### EXERCISE REQUIREMENTS
Could you output each line below exactly as it appears, excluding any pictures?

### GIVEN DATA
"""
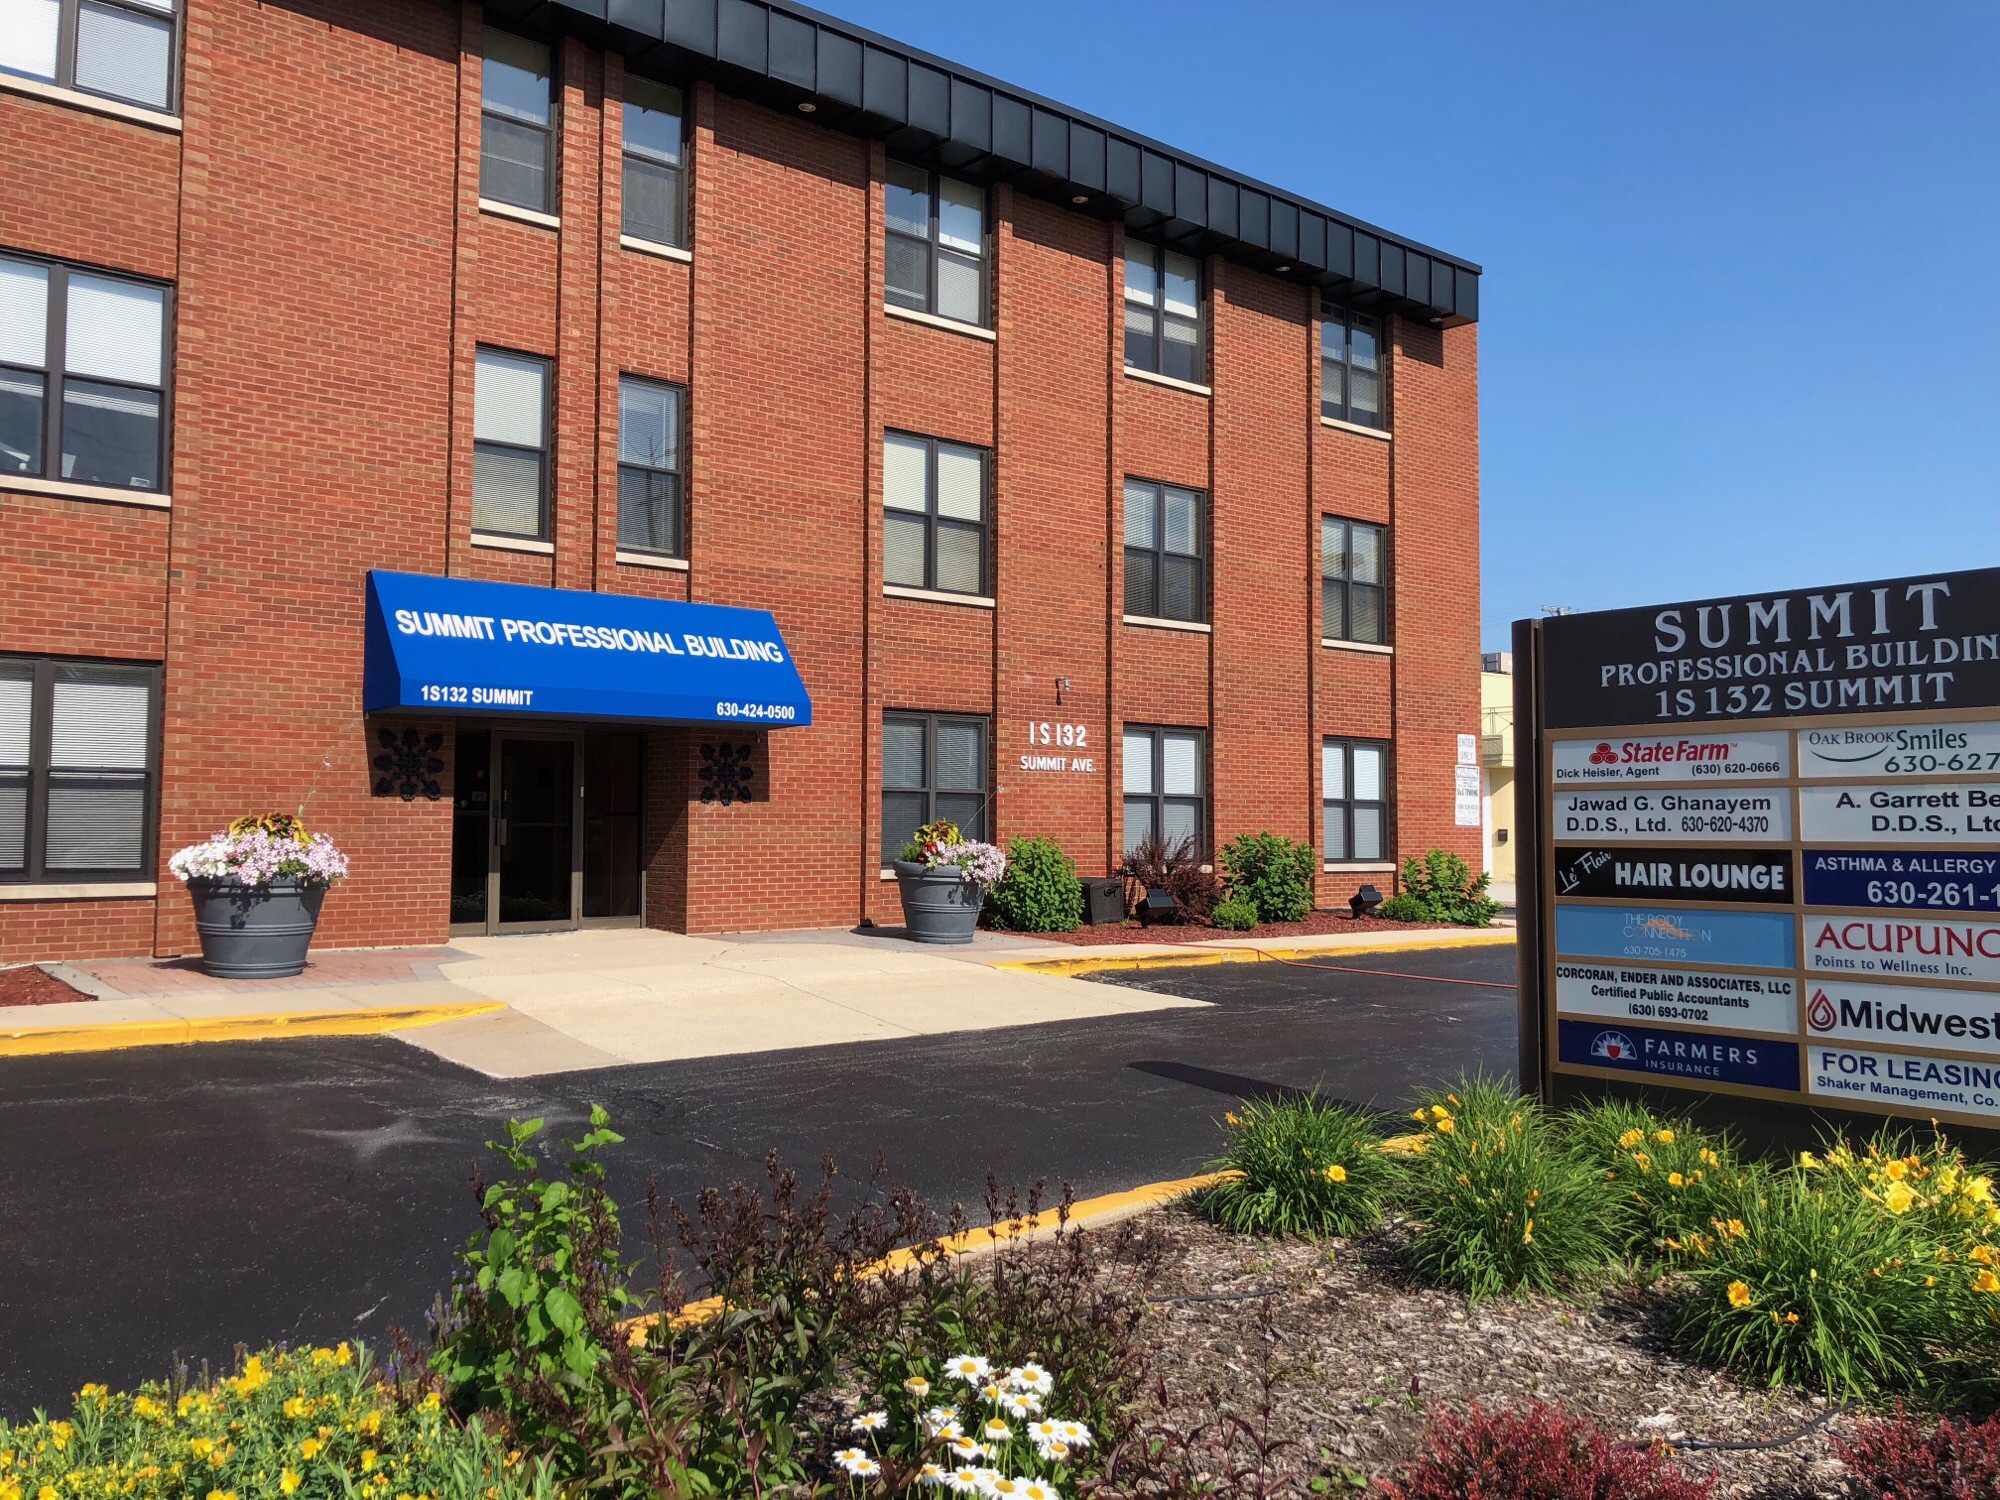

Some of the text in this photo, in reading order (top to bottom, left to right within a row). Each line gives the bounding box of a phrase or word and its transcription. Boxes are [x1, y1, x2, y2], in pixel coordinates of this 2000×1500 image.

[1655, 581, 1951, 653] SUMMIT
[395, 609, 784, 663] SUMMIT PROFESSIONAL BUILDING
[1601, 634, 2000, 687] PROFESSIONAL BUILDIN
[421, 685, 534, 706] 1S132 SUMMIT
[1784, 672, 1954, 710] SUMMIT
[716, 702, 795, 720] 630-424-0500
[1809, 728, 1967, 751] OAK BROOK Smiles
[1020, 755, 1097, 773] SUMMIT AVE.
[1556, 766, 1660, 778] Dick Heisler, Agent
[1691, 762, 1780, 776] (630) 620-0666
[1568, 796, 1771, 814] Jawad G. Ghanayem
[1836, 792, 1861, 808] A.
[1870, 791, 1960, 809] Garrett
[1567, 816, 1769, 834] D.D.S., Ltd. 630-620-4370
[1872, 815, 1957, 835] D.D.S.,
[1574, 851, 1611, 874] Flair
[1815, 857, 1997, 874] ASTHMA & ALLERGY
[1615, 862, 1785, 890] HAIR LOUNGE
[1623, 913, 1683, 927] THE BODY
[1815, 922, 2000, 959] ACUPUNC
[1623, 945, 1687, 958] 630-705-1475
[1815, 955, 1972, 976] Points to Wellness Inc.
[1556, 966, 1792, 995] CORCORAN, ENDER AND ASSOCIATES, LLC
[1591, 985, 1750, 1009] Certified Public Accountants
[1628, 1003, 1709, 1021] (630) 693-0702
[1644, 1038, 1758, 1065] FARMERS
[1645, 1059, 1721, 1077] INSURANCE
[1822, 1052, 1878, 1077] FOR
[1817, 1076, 1999, 1107] Shaker Management, Co.
"""
### WRITTEN REPLY
Some of the text in this photo, in reading order (top to bottom, left to right within a row). Each line gives the bounding box of a phrase or word and its transcription. Boxes are [x1, y1, x2, y2], in pixel coordinates of this 2000×1500 image.

[1655, 581, 1951, 653] SUMMIT
[395, 609, 784, 663] SUMMIT PROFESSIONAL BUILDING
[1601, 634, 2000, 687] PROFESSIONAL BUILDIN
[421, 685, 534, 706] 1S132 SUMMIT
[1784, 672, 1954, 710] SUMMIT
[716, 702, 795, 720] 630-424-0500
[1809, 728, 1967, 751] OAK BROOK Smiles
[1020, 755, 1097, 773] SUMMIT AVE.
[1556, 766, 1660, 778] Dick Heisler, Agent
[1691, 762, 1780, 776] (630) 620-0666
[1568, 796, 1771, 814] Jawad G. Ghanayem
[1836, 792, 1861, 808] A.
[1870, 791, 1960, 809] Garrett
[1567, 816, 1769, 834] D.D.S., Ltd. 630-620-4370
[1872, 815, 1957, 835] D.D.S.,
[1574, 851, 1611, 874] Flair
[1815, 857, 1997, 874] ASTHMA & ALLERGY
[1615, 862, 1785, 890] HAIR LOUNGE
[1623, 913, 1683, 927] THE BODY
[1815, 922, 2000, 959] ACUPUNC
[1623, 945, 1687, 958] 630-705-1475
[1815, 955, 1972, 976] Points to Wellness Inc.
[1556, 966, 1792, 995] CORCORAN, ENDER AND ASSOCIATES, LLC
[1591, 985, 1750, 1009] Certified Public Accountants
[1628, 1003, 1709, 1021] (630) 693-0702
[1644, 1038, 1758, 1065] FARMERS
[1645, 1059, 1721, 1077] INSURANCE
[1822, 1052, 1878, 1077] FOR
[1817, 1076, 1999, 1107] Shaker Management, Co.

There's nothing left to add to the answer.